*GOAL OF THE EXERCISE:* Return each record verbatim, images excluded.

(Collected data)

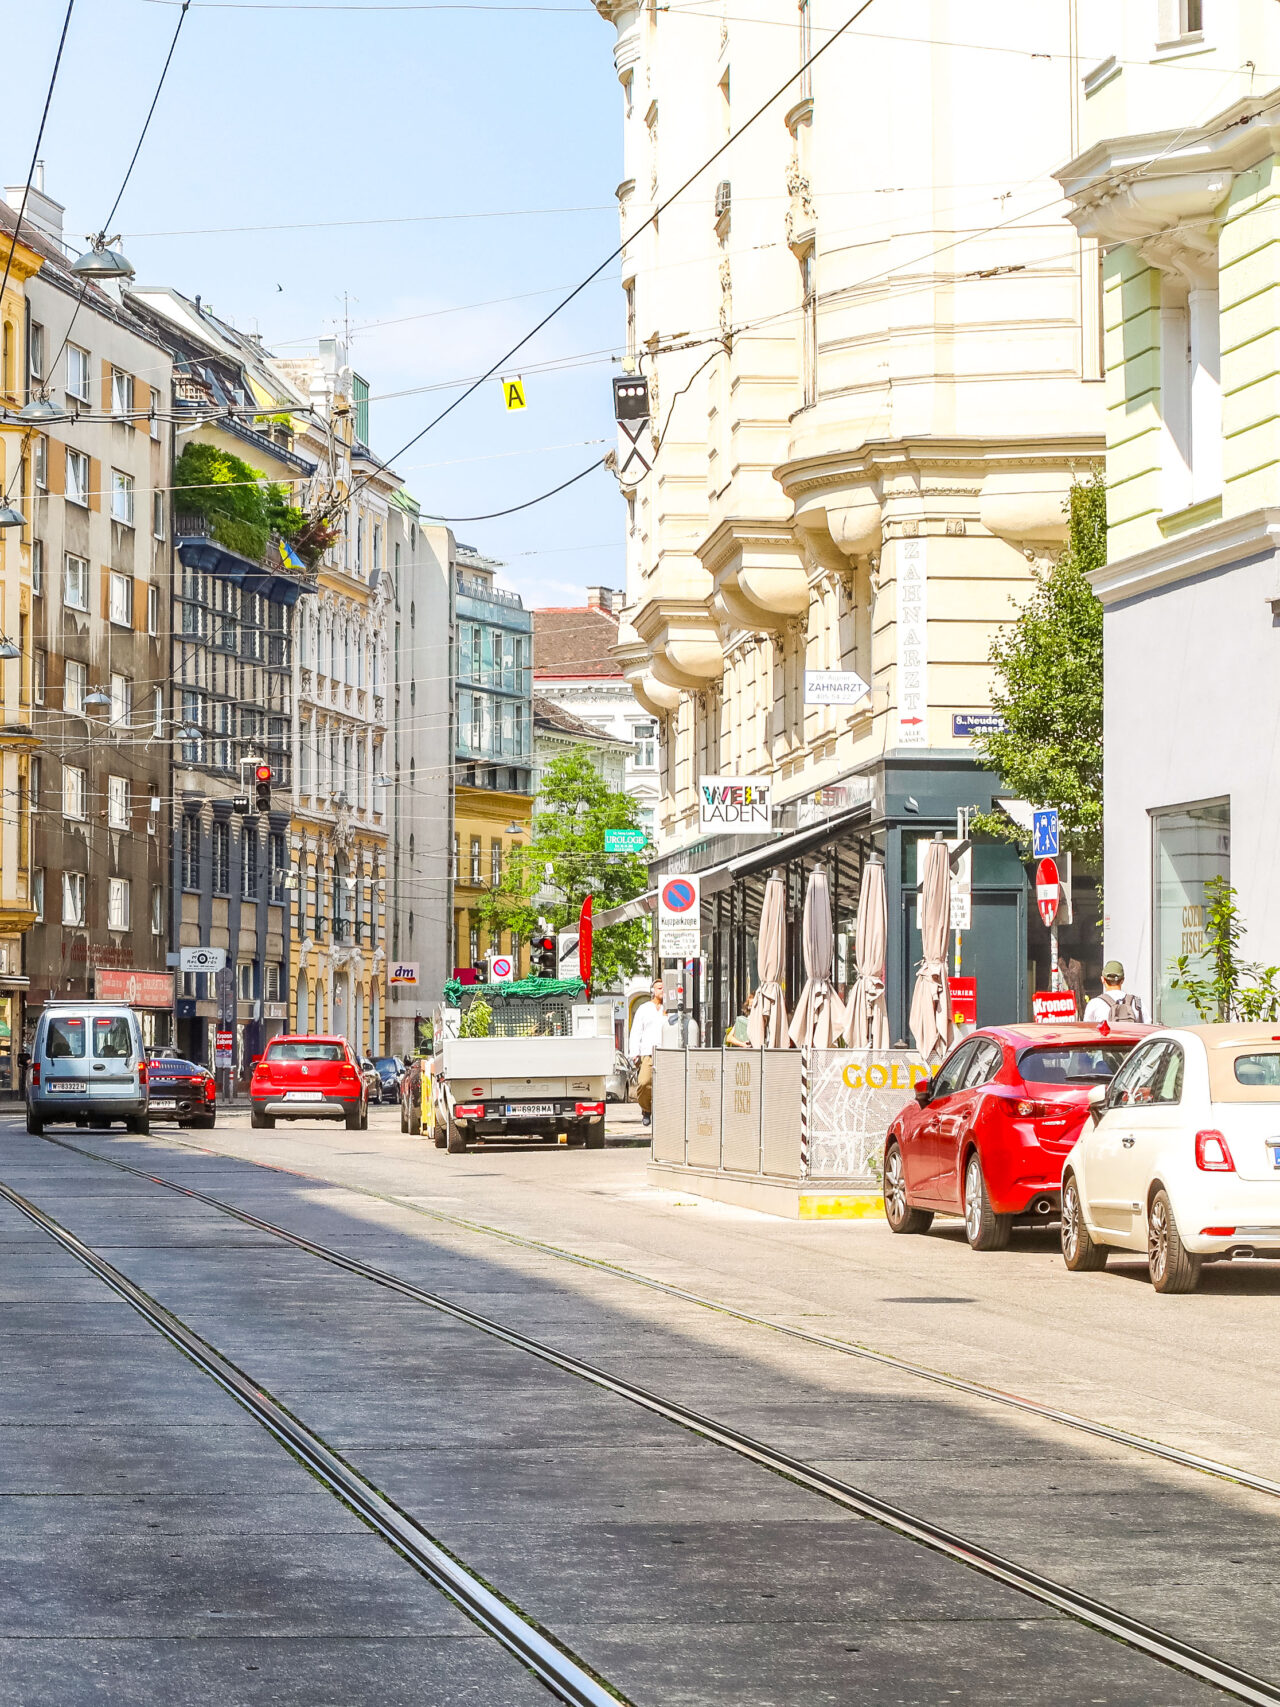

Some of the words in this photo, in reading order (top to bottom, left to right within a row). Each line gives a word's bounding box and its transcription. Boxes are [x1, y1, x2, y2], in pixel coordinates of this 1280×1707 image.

[508, 384, 524, 407] A
[902, 541, 921, 710] ZAHNARZT
[808, 682, 863, 692] ZAHNARZT
[702, 785, 769, 805] WELT
[702, 804, 769, 822] LADEN
[606, 835, 644, 844] UROLOGE
[661, 916, 697, 927] Kurzparkzone
[1182, 931, 1204, 954] FISCH
[395, 966, 414, 977] dm
[1033, 998, 1074, 1016] Kronen
[736, 1062, 751, 1087] GOLD
[842, 1063, 942, 1089] GOLD
[735, 1089, 751, 1114] FISCH
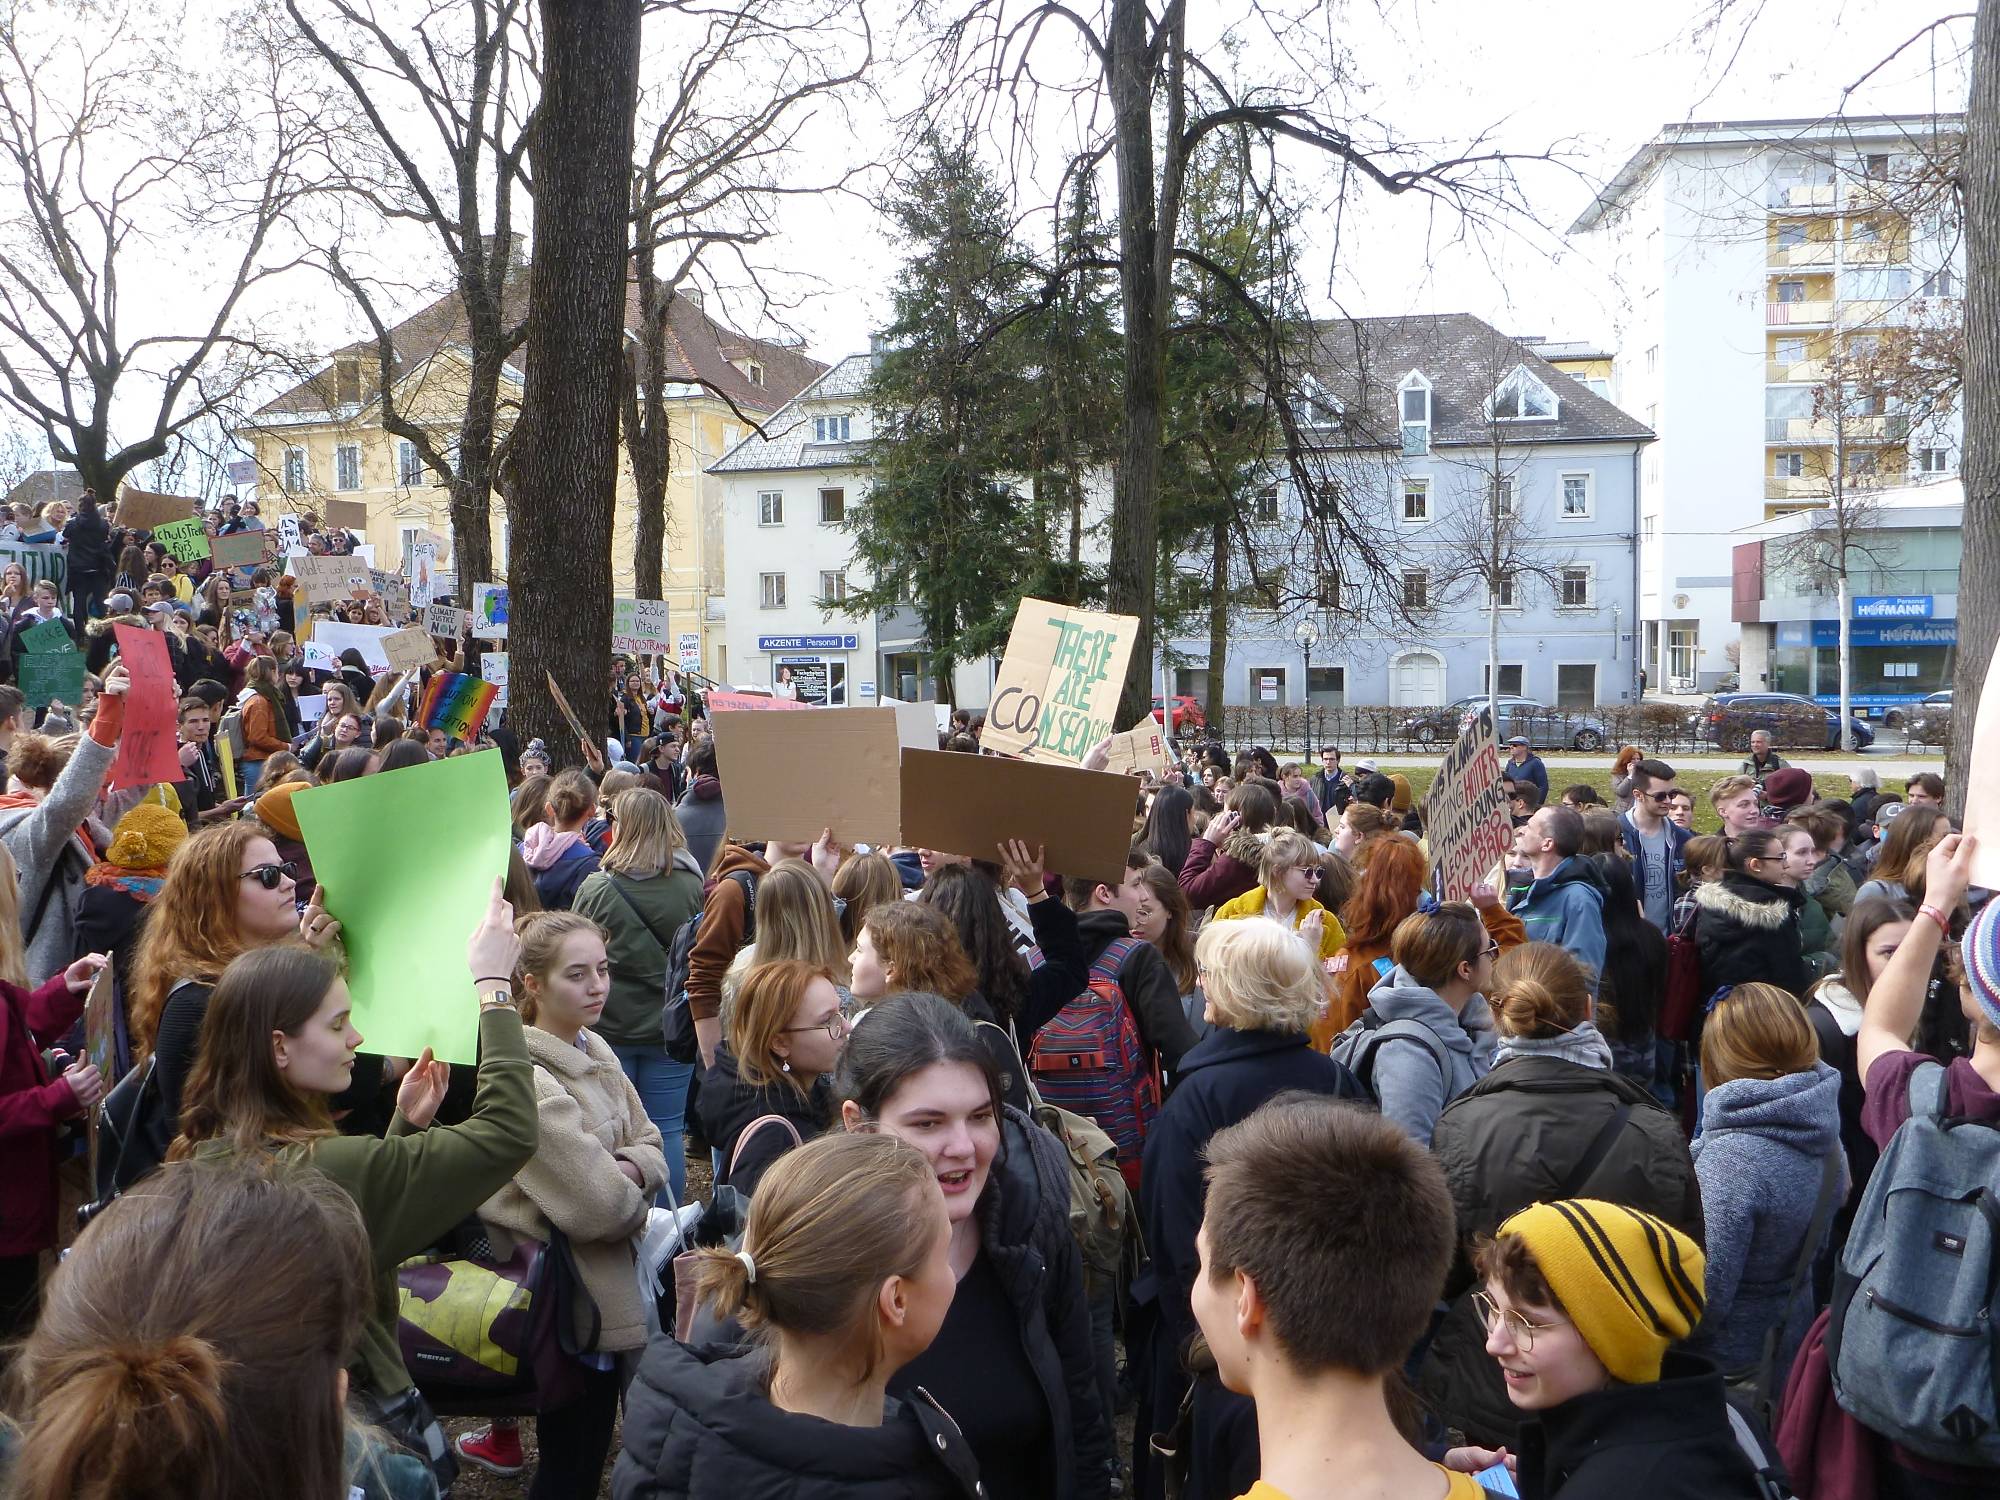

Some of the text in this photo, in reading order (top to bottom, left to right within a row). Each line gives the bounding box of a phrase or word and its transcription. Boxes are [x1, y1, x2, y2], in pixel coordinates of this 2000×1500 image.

*TASK ANSWER:*
Some of the words in this photo, in reading order (top to bottom, left to right within a row). Each line gives a word's bounding box and its transcription. Boxes are [x1, y1, x2, y2], in pixel coordinates of this 1280×1707 image.

[508, 384, 524, 407] A
[902, 541, 921, 710] ZAHNARZT
[808, 682, 863, 692] ZAHNARZT
[702, 785, 769, 805] WELT
[702, 804, 769, 822] LADEN
[606, 835, 644, 844] UROLOGE
[661, 916, 697, 927] Kurzparkzone
[1182, 931, 1204, 954] FISCH
[395, 966, 414, 977] dm
[1033, 998, 1074, 1016] Kronen
[736, 1062, 751, 1087] GOLD
[842, 1063, 942, 1089] GOLD
[735, 1089, 751, 1114] FISCH

Some of the text in this photo, in reading order (top to bottom, left to right within a row). Each line gives the bounding box of a phrase or word and its transcription. Boxes are [x1, y1, x2, y2], in pixel coordinates of this 2000×1500 image.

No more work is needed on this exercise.